Debo confesar que durante treinta y siete días alimenté la sesera con las conferencias mañaneras y de las del “guapo” médico de moda, además de todo aquel programa nacional e internacional, de derechas y de izquierdas, que me permitiera dilucidar un poco lo que estaba ocurriendo.
Vi con asco en redes sociales los dimes y diretes de una sociedad totalmente polarizada y fui parte de ardorosos debates que, según yo, pretendían encauzar opiniones hacia eso que llamamos equivocadamente la verdad.
Terminé terriblemente agotado, abrumado y tenso, con frecuentes insomnios que hacían de la hermosa madrugada, una verdadera pesadilla.

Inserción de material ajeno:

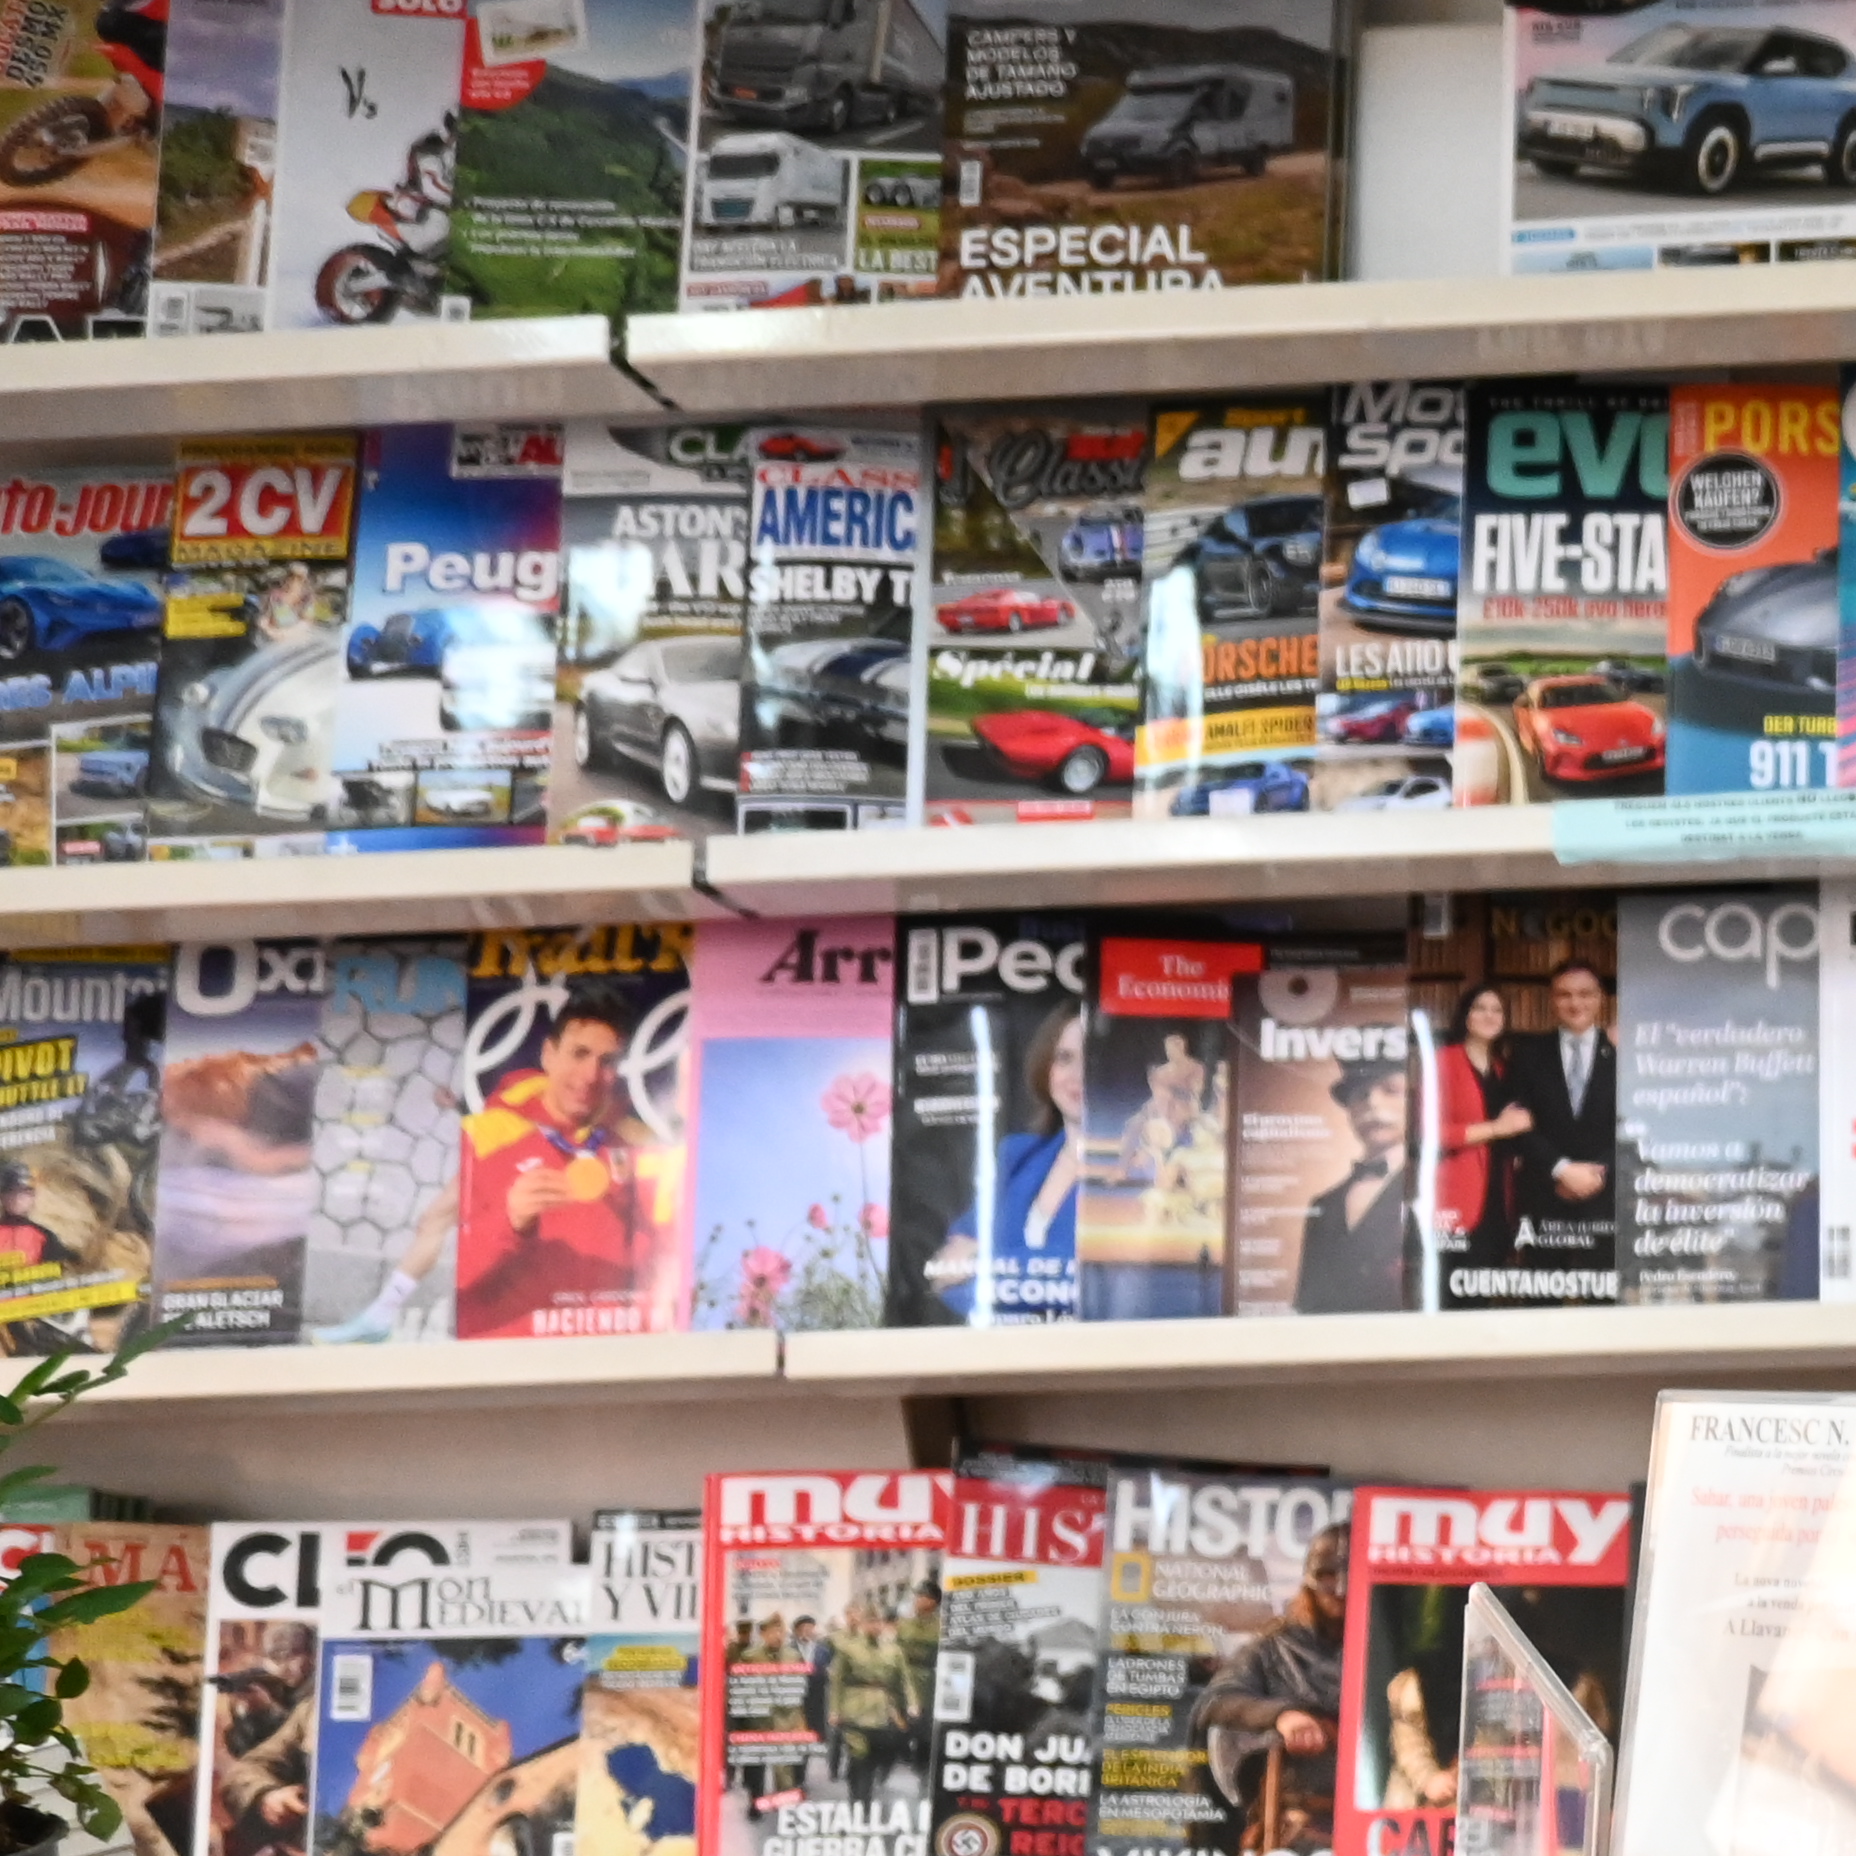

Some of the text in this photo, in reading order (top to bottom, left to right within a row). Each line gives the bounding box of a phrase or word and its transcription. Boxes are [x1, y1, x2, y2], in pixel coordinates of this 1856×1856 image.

Un caluroso día, poco después de declararse la llamada “Fase Tres”, me despertó el canto de los pájaros en mi balcón. Miré mi reloj de pulsera y faltaban pocos minutos para la cuatro de la mañana, por lo que era demasiado temprano para que los pájaros cantaran. Me levanté tambaleante de la cama y abrí las ventanas. Un fresco y reparador viento acarició mi cuerpo desnudo y escuché el apabullante silencio absoluto de toda una ciudad como nunca lo había hecho, y en medio de ese silencio noté el sonoro canto de cientos de aves que nuevamente habían ocupado el Jardin Zenea, como hacía muchos años no los escuchaba. Miré la solitaria calle adoquinada a todo lo largo y cerré los ojos maravillado, sintiendo un refrescante comienzo dentro de mi que en verdad necesitaba. Cuatro fuertes y agudas campanadas seguidas por cuatro más graves y profundas provenientes de la alta torre de mi amigo San Francisco, me avisaban que tenía un par de horas más para dormir y que me esperaba un nuevo amanecer.
No, no puedo llamarlo cuarentena y mucho menos encierro, porque existe la oportunidad de detenernos a buscar dentro de nosotros mismos, un nuevo amanecer y ser mucho más libres que nunca.
Santiago de Querétaro, 29 de abril 2020.